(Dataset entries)
□ □ □ □ □

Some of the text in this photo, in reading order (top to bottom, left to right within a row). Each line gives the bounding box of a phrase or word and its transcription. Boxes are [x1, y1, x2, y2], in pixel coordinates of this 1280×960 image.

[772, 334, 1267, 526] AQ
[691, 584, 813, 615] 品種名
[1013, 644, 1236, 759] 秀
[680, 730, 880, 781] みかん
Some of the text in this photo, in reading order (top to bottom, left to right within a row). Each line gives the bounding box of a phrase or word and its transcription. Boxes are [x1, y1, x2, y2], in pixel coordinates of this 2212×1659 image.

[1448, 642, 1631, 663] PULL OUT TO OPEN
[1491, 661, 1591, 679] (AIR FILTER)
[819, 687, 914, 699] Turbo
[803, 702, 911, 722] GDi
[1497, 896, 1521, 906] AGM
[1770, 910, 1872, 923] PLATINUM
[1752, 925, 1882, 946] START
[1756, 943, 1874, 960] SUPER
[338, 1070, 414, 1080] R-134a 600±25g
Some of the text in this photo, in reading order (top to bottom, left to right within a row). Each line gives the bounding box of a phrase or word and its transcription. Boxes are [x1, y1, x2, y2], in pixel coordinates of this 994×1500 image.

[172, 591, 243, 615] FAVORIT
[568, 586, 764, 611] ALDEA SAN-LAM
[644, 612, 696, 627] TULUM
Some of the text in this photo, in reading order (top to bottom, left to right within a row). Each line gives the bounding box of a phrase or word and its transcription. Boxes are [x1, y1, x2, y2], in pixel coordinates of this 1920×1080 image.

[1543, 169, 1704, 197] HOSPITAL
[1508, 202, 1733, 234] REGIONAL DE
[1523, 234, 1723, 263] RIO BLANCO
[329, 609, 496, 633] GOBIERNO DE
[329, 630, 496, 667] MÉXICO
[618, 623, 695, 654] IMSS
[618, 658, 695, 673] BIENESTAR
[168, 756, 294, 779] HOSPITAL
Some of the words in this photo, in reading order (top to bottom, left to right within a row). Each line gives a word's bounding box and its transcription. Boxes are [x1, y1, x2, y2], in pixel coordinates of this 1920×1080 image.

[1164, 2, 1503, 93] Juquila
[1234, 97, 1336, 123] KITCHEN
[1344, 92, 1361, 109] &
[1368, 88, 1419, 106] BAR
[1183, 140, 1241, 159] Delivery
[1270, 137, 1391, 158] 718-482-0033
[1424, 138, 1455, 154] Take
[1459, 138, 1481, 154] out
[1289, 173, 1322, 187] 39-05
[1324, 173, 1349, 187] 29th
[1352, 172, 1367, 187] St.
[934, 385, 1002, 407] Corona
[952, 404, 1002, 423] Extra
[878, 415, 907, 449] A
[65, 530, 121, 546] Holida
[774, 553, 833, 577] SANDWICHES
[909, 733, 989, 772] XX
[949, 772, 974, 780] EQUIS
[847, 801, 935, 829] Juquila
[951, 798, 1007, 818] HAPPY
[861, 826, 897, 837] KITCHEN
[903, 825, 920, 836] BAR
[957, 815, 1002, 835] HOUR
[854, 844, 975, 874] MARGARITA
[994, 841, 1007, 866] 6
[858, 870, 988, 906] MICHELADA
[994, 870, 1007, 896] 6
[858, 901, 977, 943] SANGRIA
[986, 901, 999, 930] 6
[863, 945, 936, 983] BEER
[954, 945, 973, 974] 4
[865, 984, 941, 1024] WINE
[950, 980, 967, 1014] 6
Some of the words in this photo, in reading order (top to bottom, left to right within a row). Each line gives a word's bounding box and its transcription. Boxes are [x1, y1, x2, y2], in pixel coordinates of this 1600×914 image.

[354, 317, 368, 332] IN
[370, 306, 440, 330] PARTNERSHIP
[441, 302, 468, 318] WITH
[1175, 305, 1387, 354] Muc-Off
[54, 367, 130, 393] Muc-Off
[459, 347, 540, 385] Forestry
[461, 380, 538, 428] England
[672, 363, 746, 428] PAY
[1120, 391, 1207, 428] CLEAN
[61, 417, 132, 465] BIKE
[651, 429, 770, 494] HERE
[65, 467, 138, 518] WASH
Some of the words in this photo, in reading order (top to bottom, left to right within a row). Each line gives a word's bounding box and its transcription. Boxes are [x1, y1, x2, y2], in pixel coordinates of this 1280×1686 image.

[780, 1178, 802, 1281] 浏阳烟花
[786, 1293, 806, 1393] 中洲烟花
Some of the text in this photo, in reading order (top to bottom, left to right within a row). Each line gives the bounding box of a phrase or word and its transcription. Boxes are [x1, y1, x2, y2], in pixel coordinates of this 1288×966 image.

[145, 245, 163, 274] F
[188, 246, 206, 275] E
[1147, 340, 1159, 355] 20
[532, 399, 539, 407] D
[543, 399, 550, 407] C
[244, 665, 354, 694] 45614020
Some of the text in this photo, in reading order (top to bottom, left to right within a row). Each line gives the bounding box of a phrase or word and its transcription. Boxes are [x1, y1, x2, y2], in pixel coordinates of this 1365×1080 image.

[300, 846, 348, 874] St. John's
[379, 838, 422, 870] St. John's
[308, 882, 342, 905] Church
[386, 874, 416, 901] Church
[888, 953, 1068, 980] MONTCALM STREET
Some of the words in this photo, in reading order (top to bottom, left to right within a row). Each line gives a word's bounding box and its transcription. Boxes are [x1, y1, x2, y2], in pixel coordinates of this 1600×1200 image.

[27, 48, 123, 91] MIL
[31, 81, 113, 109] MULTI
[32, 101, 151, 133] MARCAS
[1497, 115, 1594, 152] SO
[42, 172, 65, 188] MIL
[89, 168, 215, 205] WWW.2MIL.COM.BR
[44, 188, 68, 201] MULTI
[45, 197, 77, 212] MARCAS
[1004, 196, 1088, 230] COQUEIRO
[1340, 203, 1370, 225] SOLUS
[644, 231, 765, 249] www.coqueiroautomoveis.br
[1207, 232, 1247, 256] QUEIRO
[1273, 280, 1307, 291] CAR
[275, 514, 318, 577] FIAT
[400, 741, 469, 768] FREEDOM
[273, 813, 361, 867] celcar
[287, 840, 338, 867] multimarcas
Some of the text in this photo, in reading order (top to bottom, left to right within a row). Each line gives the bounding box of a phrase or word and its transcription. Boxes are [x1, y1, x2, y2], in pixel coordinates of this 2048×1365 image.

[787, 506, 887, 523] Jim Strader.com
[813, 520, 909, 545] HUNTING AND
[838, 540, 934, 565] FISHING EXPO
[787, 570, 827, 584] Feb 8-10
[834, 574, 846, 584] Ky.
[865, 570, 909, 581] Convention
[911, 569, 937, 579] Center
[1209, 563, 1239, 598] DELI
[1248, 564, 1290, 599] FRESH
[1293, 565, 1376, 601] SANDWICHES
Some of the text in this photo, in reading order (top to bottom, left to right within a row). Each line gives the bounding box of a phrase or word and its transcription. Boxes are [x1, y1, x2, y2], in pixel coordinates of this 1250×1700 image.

□ □ □ □ □

What you are asked to do:
In full and without error, transcribe each of the entries.

Answer to this exercise:
Some of the text in this photo, in reading order (top to bottom, left to right within a row). Each line gives the bounding box of a phrase or word and its transcription. Boxes are [x1, y1, x2, y2], in pixel coordinates of this 1280×960 image.

[772, 334, 1267, 526] AQ
[691, 584, 813, 615] 品種名
[1013, 644, 1236, 759] 秀
[680, 730, 880, 781] みかん
Some of the text in this photo, in reading order (top to bottom, left to right within a row). Each line gives the bounding box of a phrase or word and its transcription. Boxes are [x1, y1, x2, y2], in pixel coordinates of this 2212×1659 image.

[1448, 642, 1631, 663] PULL OUT TO OPEN
[1491, 661, 1591, 679] (AIR FILTER)
[819, 687, 914, 699] Turbo
[803, 702, 911, 722] GDi
[1497, 896, 1521, 906] AGM
[1770, 910, 1872, 923] PLATINUM
[1752, 925, 1882, 946] START
[1756, 943, 1874, 960] SUPER
[338, 1070, 414, 1080] R-134a 600±25g
Some of the text in this photo, in reading order (top to bottom, left to right within a row). Each line gives the bounding box of a phrase or word and its transcription. Boxes are [x1, y1, x2, y2], in pixel coordinates of this 994×1500 image.

[172, 591, 243, 615] FAVORIT
[568, 586, 764, 611] ALDEA SAN-LAM
[644, 612, 696, 627] TULUM
Some of the text in this photo, in reading order (top to bottom, left to right within a row). Each line gives the bounding box of a phrase or word and its transcription. Boxes are [x1, y1, x2, y2], in pixel coordinates of this 1920×1080 image.

[1543, 169, 1704, 197] HOSPITAL
[1508, 202, 1733, 234] REGIONAL DE
[1523, 234, 1723, 263] RIO BLANCO
[329, 609, 496, 633] GOBIERNO DE
[329, 630, 496, 667] MÉXICO
[618, 623, 695, 654] IMSS
[618, 658, 695, 673] BIENESTAR
[168, 756, 294, 779] HOSPITAL
Some of the words in this photo, in reading order (top to bottom, left to right within a row). Each line gives a word's bounding box and its transcription. Boxes are [x1, y1, x2, y2], in pixel coordinates of this 1920×1080 image.

[1164, 2, 1503, 93] Juquila
[1234, 97, 1336, 123] KITCHEN
[1344, 92, 1361, 109] &
[1368, 88, 1419, 106] BAR
[1183, 140, 1241, 159] Delivery
[1270, 137, 1391, 158] 718-482-0033
[1424, 138, 1455, 154] Take
[1459, 138, 1481, 154] out
[1289, 173, 1322, 187] 39-05
[1324, 173, 1349, 187] 29th
[1352, 172, 1367, 187] St.
[934, 385, 1002, 407] Corona
[952, 404, 1002, 423] Extra
[878, 415, 907, 449] A
[65, 530, 121, 546] Holida
[774, 553, 833, 577] SANDWICHES
[909, 733, 989, 772] XX
[949, 772, 974, 780] EQUIS
[847, 801, 935, 829] Juquila
[951, 798, 1007, 818] HAPPY
[861, 826, 897, 837] KITCHEN
[903, 825, 920, 836] BAR
[957, 815, 1002, 835] HOUR
[854, 844, 975, 874] MARGARITA
[994, 841, 1007, 866] 6
[858, 870, 988, 906] MICHELADA
[994, 870, 1007, 896] 6
[858, 901, 977, 943] SANGRIA
[986, 901, 999, 930] 6
[863, 945, 936, 983] BEER
[954, 945, 973, 974] 4
[865, 984, 941, 1024] WINE
[950, 980, 967, 1014] 6
Some of the words in this photo, in reading order (top to bottom, left to right within a row). Each line gives a word's bounding box and its transcription. Boxes are [x1, y1, x2, y2], in pixel coordinates of this 1600×914 image.

[354, 317, 368, 332] IN
[370, 306, 440, 330] PARTNERSHIP
[441, 302, 468, 318] WITH
[1175, 305, 1387, 354] Muc-Off
[54, 367, 130, 393] Muc-Off
[459, 347, 540, 385] Forestry
[461, 380, 538, 428] England
[672, 363, 746, 428] PAY
[1120, 391, 1207, 428] CLEAN
[61, 417, 132, 465] BIKE
[651, 429, 770, 494] HERE
[65, 467, 138, 518] WASH
Some of the words in this photo, in reading order (top to bottom, left to right within a row). Each line gives a word's bounding box and its transcription. Boxes are [x1, y1, x2, y2], in pixel coordinates of this 1280×1686 image.

[780, 1178, 802, 1281] 浏阳烟花
[786, 1293, 806, 1393] 中洲烟花
Some of the text in this photo, in reading order (top to bottom, left to right within a row). Each line gives the bounding box of a phrase or word and its transcription. Boxes are [x1, y1, x2, y2], in pixel coordinates of this 1288×966 image.

[145, 245, 163, 274] F
[188, 246, 206, 275] E
[1147, 340, 1159, 355] 20
[532, 399, 539, 407] D
[543, 399, 550, 407] C
[244, 665, 354, 694] 45614020
Some of the text in this photo, in reading order (top to bottom, left to right within a row). Each line gives the bounding box of a phrase or word and its transcription. Boxes are [x1, y1, x2, y2], in pixel coordinates of this 1365×1080 image.

[300, 846, 348, 874] St. John's
[379, 838, 422, 870] St. John's
[308, 882, 342, 905] Church
[386, 874, 416, 901] Church
[888, 953, 1068, 980] MONTCALM STREET
Some of the words in this photo, in reading order (top to bottom, left to right within a row). Each line gives a word's bounding box and its transcription. Boxes are [x1, y1, x2, y2], in pixel coordinates of this 1600×1200 image.

[27, 48, 123, 91] MIL
[31, 81, 113, 109] MULTI
[32, 101, 151, 133] MARCAS
[1497, 115, 1594, 152] SO
[42, 172, 65, 188] MIL
[89, 168, 215, 205] WWW.2MIL.COM.BR
[44, 188, 68, 201] MULTI
[45, 197, 77, 212] MARCAS
[1004, 196, 1088, 230] COQUEIRO
[1340, 203, 1370, 225] SOLUS
[644, 231, 765, 249] www.coqueiroautomoveis.br
[1207, 232, 1247, 256] QUEIRO
[1273, 280, 1307, 291] CAR
[275, 514, 318, 577] FIAT
[400, 741, 469, 768] FREEDOM
[273, 813, 361, 867] celcar
[287, 840, 338, 867] multimarcas
Some of the text in this photo, in reading order (top to bottom, left to right within a row). Each line gives the bounding box of a phrase or word and its transcription. Boxes are [x1, y1, x2, y2], in pixel coordinates of this 2048×1365 image.

[787, 506, 887, 523] Jim Strader.com
[813, 520, 909, 545] HUNTING AND
[838, 540, 934, 565] FISHING EXPO
[787, 570, 827, 584] Feb 8-10
[834, 574, 846, 584] Ky.
[865, 570, 909, 581] Convention
[911, 569, 937, 579] Center
[1209, 563, 1239, 598] DELI
[1248, 564, 1290, 599] FRESH
[1293, 565, 1376, 601] SANDWICHES
Some of the text in this photo, in reading order (top to bottom, left to right within a row). Each line gives the bounding box of a phrase or word and its transcription. Boxes are [x1, y1, x2, y2], in pixel coordinates of this 1250×1700 image.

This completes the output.